"We understand what's needed by our enterprise customers not just to solve Internet-facing applications but back-office applications with demanding performance requirements,'' says Bryan Doerr, CTO of Savvis. "We understand how to be an extension of the operational IT arms of our clients.''
Savvis has 29 datacenters worldwide, including a new energy-efficient facility that opened in Dallas in April. Savvis offers managed hosting and utility computing services in every major metropolitan area where it does business.
"We see good, strong demand for our datacenters,'' says Jim Kozlowski, vice president of hosting services at Savvis. "We see the most demand in Santa Clara, New York/New Jersey, Washington D.C., and Chicago. We have capacity plans in place to meet the demand in those areas.''
Analysts predict the shift toward utility computing will continue in 2008.

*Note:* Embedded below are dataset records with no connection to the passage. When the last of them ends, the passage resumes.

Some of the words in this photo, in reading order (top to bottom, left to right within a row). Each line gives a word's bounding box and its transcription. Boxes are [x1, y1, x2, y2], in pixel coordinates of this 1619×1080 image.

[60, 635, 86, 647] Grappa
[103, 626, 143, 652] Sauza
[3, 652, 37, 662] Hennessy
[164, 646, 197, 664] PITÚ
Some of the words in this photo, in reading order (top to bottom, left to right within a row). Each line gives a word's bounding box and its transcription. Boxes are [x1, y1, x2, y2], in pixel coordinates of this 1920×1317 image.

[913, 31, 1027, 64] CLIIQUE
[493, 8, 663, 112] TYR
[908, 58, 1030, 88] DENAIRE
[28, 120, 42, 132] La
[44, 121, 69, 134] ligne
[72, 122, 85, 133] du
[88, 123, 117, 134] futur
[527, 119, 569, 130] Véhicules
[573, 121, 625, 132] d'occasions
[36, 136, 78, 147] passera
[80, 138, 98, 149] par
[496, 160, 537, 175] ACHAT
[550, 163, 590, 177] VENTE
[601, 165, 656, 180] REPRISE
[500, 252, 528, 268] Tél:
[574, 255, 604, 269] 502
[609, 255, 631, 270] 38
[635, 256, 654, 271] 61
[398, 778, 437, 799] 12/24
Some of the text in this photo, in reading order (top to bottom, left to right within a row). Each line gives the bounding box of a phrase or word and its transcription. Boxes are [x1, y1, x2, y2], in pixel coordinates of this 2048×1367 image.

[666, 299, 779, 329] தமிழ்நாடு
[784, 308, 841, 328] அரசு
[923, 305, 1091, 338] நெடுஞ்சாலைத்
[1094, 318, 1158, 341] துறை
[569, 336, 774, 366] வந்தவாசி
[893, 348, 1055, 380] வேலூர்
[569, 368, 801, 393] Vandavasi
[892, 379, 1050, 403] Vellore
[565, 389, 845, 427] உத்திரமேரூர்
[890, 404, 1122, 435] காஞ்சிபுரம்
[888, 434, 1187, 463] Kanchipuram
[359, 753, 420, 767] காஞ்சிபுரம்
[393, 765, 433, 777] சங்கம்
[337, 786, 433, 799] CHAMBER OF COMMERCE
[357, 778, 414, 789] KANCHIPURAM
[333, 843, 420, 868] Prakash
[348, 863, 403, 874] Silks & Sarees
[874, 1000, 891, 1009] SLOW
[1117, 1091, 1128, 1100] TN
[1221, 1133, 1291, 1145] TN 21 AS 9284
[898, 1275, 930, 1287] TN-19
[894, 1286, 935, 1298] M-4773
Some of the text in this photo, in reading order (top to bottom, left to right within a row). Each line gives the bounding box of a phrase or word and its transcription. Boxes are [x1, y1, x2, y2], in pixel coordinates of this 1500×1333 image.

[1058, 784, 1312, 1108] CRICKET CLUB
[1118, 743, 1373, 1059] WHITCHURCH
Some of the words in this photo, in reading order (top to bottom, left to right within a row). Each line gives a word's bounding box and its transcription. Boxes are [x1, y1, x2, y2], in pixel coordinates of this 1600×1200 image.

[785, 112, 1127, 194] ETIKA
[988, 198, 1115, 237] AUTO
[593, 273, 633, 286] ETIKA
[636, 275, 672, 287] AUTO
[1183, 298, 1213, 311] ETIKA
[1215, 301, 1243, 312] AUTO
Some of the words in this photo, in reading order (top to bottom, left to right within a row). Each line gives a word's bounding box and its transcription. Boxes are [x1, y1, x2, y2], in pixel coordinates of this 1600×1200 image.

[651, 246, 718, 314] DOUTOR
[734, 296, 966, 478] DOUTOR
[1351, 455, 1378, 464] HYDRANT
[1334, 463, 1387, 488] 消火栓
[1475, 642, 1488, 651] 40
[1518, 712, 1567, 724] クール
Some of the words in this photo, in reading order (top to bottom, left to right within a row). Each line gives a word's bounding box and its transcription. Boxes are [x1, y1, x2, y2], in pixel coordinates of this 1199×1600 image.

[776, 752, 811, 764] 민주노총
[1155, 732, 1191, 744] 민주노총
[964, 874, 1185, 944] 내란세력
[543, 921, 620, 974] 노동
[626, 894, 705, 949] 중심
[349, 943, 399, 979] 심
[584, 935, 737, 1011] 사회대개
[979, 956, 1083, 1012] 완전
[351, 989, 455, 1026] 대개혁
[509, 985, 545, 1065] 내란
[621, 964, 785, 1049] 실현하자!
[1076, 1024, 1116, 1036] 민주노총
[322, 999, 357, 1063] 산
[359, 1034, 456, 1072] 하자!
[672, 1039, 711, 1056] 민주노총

"The thing that is most important is the evolution of utility computing offerings for all of these vendors. I'm talking about virtualized, communal infrastructure that can be purchased on demand. That's the key trend in product and capability for all of these vendors,'' says Lydia Leong, research director at Gartner and co-author of a recent report on North American Web Hosting.
Analysts expect the growth of complex Web hosting to continue despite the U.S. economic slowdown. That's because it's cheaper for companies to hand off datacenter operations to service providers than it is to build datacenters, buy servers, and hire IT staff to operate and maintain them.
"We don't believe the U.S. economic slowdown will have much of an impact in the short term,'' Leong says. "Companies that spent money developing software last year are going to continue to deploy it this year.... If CIOs start getting dire budget cuts and need to find ways to be more efficient, outsourcing can be one of those ways. That's one of the strongest arguments for virtualization.''
Utility customers predict more growth
Bazaarvoice, which has outsourced all of its datacenter operations to Rackspace since 2006, anticipates growth in 2008. The company has dozens of dedicated servers that it rents from Rackspace, which is responsible for powering and cooling the servers, server operations and maintenance, and network connectivity.
"Rackspace is our origin datacenter. That is where all the data originates from, so when you read a product review on one of the Web sites we support, our application servers and database servers at Rackspace serve up that information,'' Maag says.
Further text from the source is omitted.